[Your instructions]: Please set down, exactly as written, the line containing "this 2576×1438 image." and every line after it through the end of the records.

[Free-text object descriptions]:

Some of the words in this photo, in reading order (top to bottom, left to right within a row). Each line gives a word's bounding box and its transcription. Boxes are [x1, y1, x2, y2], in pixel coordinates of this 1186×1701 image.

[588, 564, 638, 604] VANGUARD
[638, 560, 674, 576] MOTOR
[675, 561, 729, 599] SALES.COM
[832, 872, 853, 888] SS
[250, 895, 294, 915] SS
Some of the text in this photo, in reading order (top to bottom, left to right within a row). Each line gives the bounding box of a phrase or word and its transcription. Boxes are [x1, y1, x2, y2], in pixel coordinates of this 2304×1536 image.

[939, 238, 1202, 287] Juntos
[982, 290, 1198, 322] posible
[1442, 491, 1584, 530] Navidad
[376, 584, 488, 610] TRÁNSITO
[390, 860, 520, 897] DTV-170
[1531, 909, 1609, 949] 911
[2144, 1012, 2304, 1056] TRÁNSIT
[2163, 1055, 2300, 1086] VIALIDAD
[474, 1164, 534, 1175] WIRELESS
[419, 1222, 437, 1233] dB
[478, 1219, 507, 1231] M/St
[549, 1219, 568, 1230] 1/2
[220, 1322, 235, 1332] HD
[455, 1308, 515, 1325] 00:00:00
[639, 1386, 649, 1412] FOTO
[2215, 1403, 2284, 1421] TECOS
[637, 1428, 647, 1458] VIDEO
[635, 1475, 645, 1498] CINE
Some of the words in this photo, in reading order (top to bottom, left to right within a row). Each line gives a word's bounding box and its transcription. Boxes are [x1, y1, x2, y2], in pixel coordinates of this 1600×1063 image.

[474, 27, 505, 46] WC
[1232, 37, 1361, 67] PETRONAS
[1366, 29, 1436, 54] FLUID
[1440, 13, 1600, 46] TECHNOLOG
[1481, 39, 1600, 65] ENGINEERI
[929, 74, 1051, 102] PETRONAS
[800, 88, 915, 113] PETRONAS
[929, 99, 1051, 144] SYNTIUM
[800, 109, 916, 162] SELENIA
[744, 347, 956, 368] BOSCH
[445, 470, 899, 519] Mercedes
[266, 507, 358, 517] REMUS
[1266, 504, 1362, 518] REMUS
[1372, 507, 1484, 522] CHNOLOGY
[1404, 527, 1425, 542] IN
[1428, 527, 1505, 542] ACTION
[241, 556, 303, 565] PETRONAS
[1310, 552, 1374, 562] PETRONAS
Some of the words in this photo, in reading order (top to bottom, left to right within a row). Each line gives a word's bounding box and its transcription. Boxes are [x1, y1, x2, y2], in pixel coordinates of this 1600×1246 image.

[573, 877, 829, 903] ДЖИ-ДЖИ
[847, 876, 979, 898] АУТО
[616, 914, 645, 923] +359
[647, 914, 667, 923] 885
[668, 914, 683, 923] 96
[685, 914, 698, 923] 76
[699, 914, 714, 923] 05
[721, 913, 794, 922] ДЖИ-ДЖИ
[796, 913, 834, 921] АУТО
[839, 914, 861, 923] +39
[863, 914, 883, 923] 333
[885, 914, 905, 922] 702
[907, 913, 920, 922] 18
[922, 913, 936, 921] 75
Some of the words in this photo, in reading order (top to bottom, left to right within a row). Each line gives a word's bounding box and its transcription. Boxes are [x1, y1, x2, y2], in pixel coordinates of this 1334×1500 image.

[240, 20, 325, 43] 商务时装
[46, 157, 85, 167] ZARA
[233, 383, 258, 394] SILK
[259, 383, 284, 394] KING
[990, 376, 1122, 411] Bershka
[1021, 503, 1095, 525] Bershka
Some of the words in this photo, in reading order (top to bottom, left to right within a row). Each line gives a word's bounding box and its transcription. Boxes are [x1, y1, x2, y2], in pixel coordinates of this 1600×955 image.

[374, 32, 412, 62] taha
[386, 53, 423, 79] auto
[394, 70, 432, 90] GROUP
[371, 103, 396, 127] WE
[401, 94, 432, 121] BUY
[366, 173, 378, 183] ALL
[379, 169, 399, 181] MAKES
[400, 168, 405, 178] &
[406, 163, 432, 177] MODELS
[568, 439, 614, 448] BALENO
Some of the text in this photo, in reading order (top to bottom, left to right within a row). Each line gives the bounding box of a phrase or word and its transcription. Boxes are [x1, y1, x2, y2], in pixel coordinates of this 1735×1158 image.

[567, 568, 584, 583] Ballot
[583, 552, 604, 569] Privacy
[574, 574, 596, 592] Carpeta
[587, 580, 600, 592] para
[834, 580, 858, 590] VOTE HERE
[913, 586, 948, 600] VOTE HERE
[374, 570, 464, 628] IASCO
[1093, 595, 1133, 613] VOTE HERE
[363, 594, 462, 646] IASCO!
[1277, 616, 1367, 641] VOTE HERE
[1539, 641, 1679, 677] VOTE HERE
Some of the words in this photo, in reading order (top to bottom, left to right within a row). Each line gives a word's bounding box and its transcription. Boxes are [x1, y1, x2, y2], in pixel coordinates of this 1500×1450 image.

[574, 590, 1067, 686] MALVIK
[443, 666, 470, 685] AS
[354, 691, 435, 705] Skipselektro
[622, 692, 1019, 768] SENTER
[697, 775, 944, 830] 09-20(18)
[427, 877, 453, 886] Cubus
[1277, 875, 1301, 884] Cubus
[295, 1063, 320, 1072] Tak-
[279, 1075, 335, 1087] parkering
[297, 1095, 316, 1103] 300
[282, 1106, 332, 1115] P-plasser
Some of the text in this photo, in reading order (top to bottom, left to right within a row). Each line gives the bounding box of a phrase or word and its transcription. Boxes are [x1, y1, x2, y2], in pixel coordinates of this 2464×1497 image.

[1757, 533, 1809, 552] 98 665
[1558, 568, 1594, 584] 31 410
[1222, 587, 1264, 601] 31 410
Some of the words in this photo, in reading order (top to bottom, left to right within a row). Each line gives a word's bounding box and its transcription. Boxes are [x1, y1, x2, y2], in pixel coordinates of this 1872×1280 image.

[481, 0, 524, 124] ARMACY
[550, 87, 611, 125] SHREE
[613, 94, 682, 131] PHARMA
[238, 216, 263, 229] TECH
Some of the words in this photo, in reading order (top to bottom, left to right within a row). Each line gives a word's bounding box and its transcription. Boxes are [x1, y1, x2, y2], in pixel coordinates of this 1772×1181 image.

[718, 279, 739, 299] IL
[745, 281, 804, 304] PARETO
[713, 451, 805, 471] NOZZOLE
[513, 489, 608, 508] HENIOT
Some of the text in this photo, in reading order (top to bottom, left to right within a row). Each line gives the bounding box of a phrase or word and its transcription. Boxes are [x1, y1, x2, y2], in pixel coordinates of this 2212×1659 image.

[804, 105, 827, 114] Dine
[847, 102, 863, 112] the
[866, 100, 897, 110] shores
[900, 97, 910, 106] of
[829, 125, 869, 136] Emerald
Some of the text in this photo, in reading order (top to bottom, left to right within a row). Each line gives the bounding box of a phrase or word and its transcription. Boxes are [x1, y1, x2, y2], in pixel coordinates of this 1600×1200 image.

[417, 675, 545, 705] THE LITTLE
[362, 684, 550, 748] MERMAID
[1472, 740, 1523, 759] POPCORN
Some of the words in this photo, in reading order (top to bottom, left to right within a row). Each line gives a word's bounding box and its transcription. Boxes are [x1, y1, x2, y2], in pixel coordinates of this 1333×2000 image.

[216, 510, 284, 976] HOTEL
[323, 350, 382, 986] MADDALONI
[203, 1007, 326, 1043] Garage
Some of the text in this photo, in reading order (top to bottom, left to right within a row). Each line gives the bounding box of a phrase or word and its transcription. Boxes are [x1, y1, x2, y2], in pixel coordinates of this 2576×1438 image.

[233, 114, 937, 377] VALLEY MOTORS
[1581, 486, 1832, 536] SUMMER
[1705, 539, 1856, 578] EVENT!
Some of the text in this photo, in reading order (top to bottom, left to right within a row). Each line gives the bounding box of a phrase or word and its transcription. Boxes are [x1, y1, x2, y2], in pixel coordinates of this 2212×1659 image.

[The answer]:
Some of the text in this photo, in reading order (top to bottom, left to right within a row). Each line gives the bounding box of a phrase or word and its transcription. Boxes are [x1, y1, x2, y2], in pixel coordinates of this 2576×1438 image.

[233, 114, 937, 377] VALLEY MOTORS
[1581, 486, 1832, 536] SUMMER
[1705, 539, 1856, 578] EVENT!
Some of the text in this photo, in reading order (top to bottom, left to right within a row). Each line gives the bounding box of a phrase or word and its transcription. Boxes are [x1, y1, x2, y2], in pixel coordinates of this 2212×1659 image.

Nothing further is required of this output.